EXERCISE DIRECTIONS ▸ Every entry in the data is to be written out exactly; no picture belongs in the copy.

SUPPLIED DATA ▸
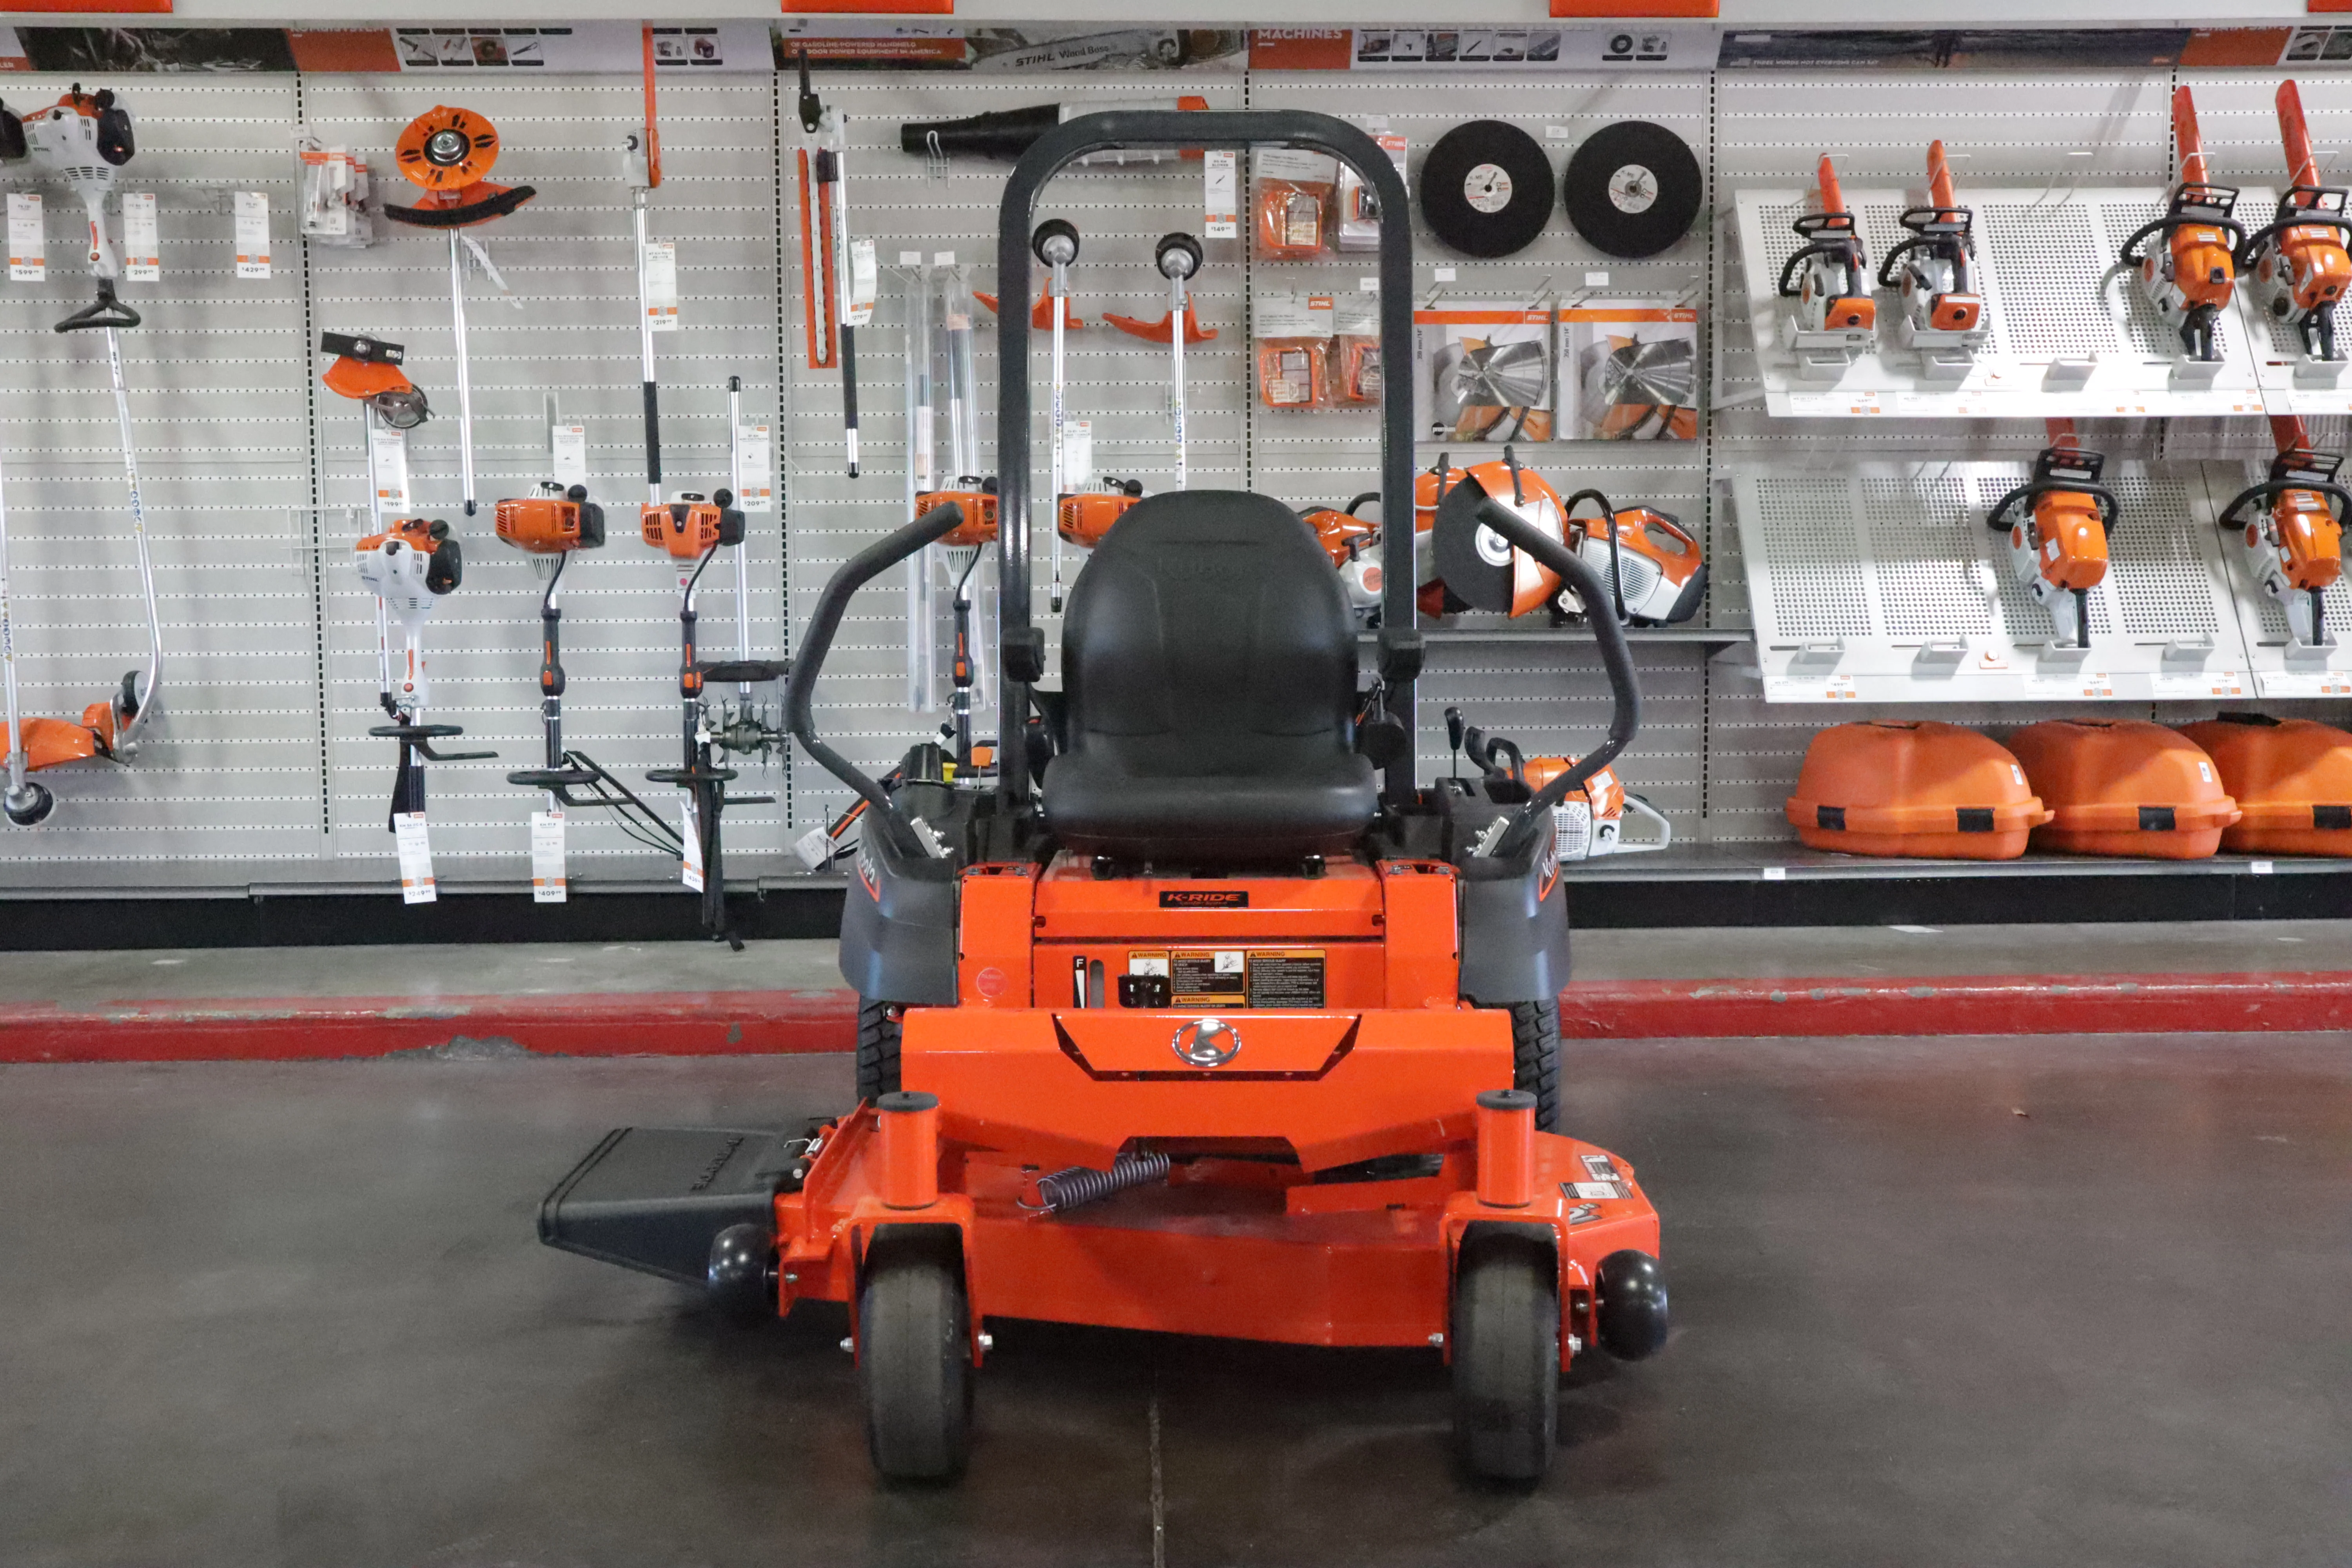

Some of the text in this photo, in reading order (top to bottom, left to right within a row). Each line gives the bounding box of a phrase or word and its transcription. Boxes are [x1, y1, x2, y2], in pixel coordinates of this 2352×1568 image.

[1258, 29, 1342, 39] MACHINES
[1015, 54, 1055, 66] STIHL
[1059, 47, 1086, 58] Wood
[1076, 958, 1084, 968] F
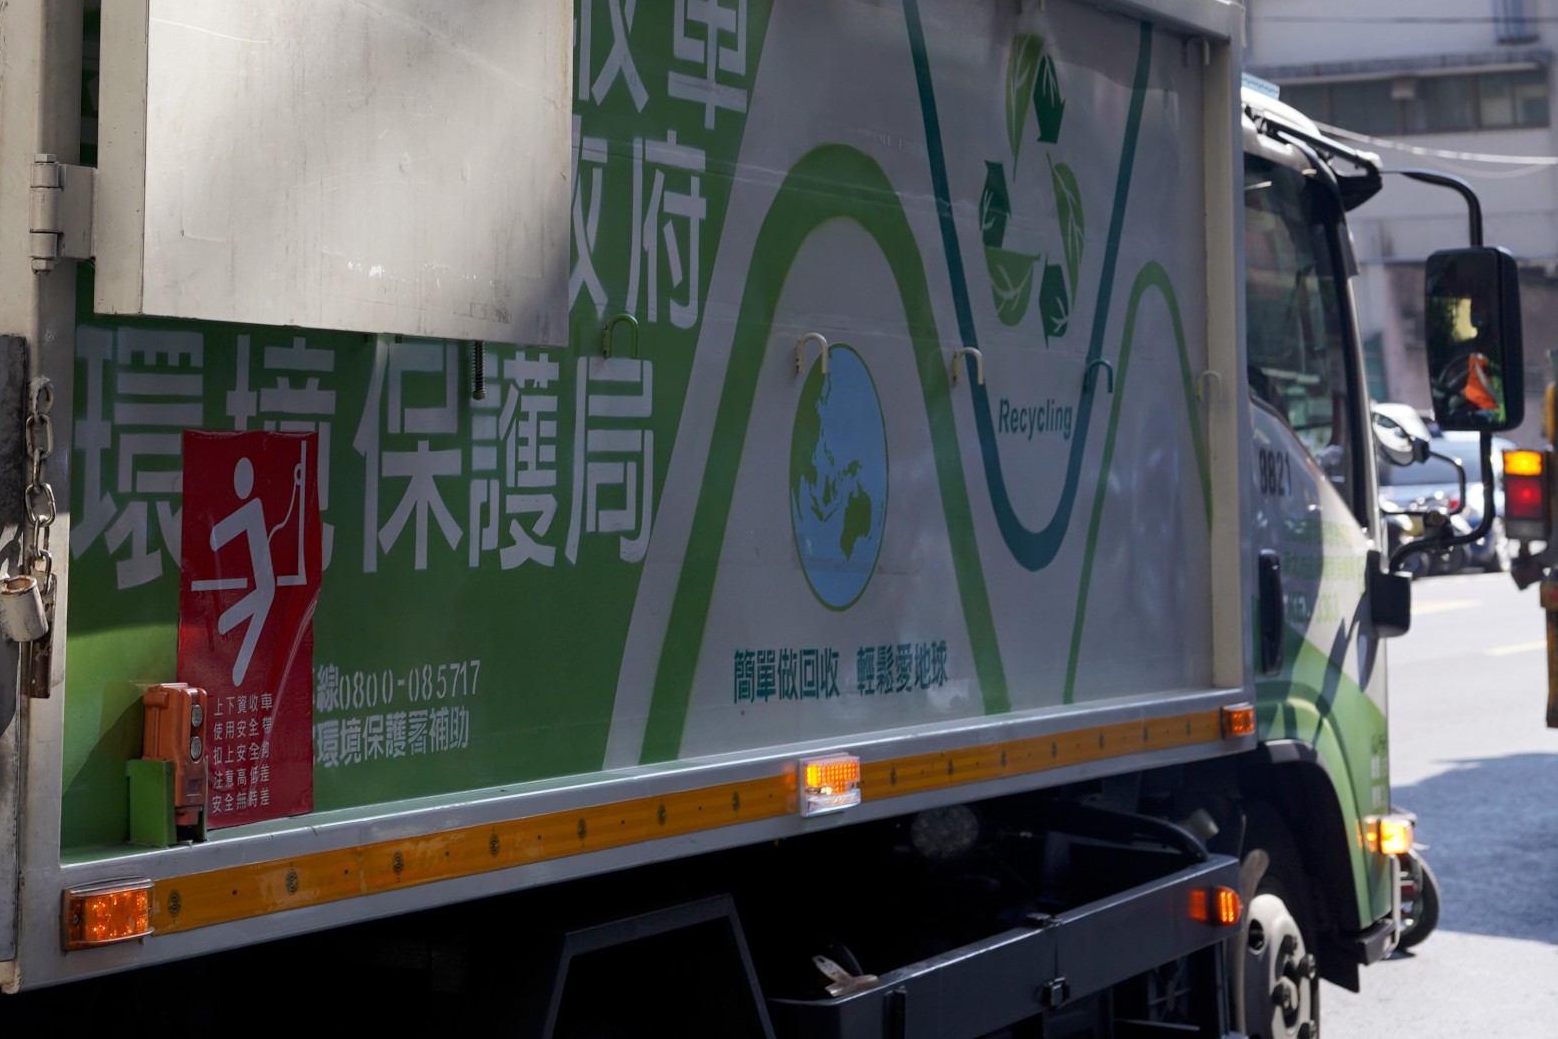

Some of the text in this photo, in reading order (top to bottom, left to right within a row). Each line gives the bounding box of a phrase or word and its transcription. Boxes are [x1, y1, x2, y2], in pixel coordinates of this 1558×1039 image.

[998, 398, 1074, 441] Recycling
[1259, 447, 1292, 497] 8821
[313, 660, 480, 712] 線0800-085717
[734, 639, 948, 704] 簡單做回收 輕鬆愛地球
[214, 693, 273, 716] 上下資收車
[213, 716, 273, 741] 使用安全帶
[313, 706, 469, 768] 環境保護署補助
[212, 765, 270, 790] 注意高低差
[212, 789, 270, 814] 安全無時差

ANSWER TO THE PROBLEM ▸
Some of the text in this photo, in reading order (top to bottom, left to right within a row). Each line gives the bounding box of a phrase or word and its transcription. Boxes are [x1, y1, x2, y2], in pixel coordinates of this 2352×1568 image.

[1258, 29, 1342, 39] MACHINES
[1015, 54, 1055, 66] STIHL
[1059, 47, 1086, 58] Wood
[1076, 958, 1084, 968] F

Some of the text in this photo, in reading order (top to bottom, left to right within a row). Each line gives the bounding box of a phrase or word and its transcription. Boxes are [x1, y1, x2, y2], in pixel coordinates of this 1558×1039 image.

[998, 398, 1074, 441] Recycling
[1259, 447, 1292, 497] 8821
[313, 660, 480, 712] 線0800-085717
[734, 639, 948, 704] 簡單做回收 輕鬆愛地球
[214, 693, 273, 716] 上下資收車
[213, 716, 273, 741] 使用安全帶
[313, 706, 469, 768] 環境保護署補助
[212, 765, 270, 790] 注意高低差
[212, 789, 270, 814] 安全無時差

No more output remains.